What paperwork is issued and by what authorities at what law level.

Birth Certificates
Marriage Certificates
Death Certificates
Identity Cards

Visas
Passports

Tax Receipts
Identity Cards

How does that "paperwork" change at TLs progress?

Do High-Population and High Law worlds require pre-conception paperwork or proof of sterility?

Do the Imperial Worlds just assume everyone is an Imperial citizen or do they need some form of proof?

What does being an Imperial Citizen actually allow - Access to a starport (from the off-world side) - Anything else?

What papers do the Imperial Armed Forces supply? Good (or bad) conduct discharge papers? Draft exemptions? Dog-Tags? Medical Information Implant Chips?

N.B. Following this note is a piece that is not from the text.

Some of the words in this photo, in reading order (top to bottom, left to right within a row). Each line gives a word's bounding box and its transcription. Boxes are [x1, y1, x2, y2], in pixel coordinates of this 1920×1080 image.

What happens when an undocumented person is discovered on a ship by an IN inspection?
 
I believe paperwork is issued by your local government, so as there are thousands of systems in the Imperium there will be tens of thousands of different documents.

There might be Imperial starship qualifications, e.g. astrogation licenses.

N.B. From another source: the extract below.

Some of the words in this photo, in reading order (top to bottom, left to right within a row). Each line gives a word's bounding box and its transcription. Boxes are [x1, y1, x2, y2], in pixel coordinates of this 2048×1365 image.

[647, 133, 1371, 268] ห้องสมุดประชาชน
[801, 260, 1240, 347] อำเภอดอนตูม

I assume for simplicity that interstellar paperwork is issued as low-tech paperwork with embedded computer chips, somewhat like current passports. That way it is guaranteed to be people-readable regardless of the local tech level. The computer chip might be readable depending on TL and distance from the issuing system.
 
I assume for simplicity that interstellar paperwork is issued as low-tech paperwork with embedded computer chips, somewhat like current passports. That way it is guaranteed to be people-readable regardless of the local tech level. The computer chip might be readable depending on TL and distance from the issuing system.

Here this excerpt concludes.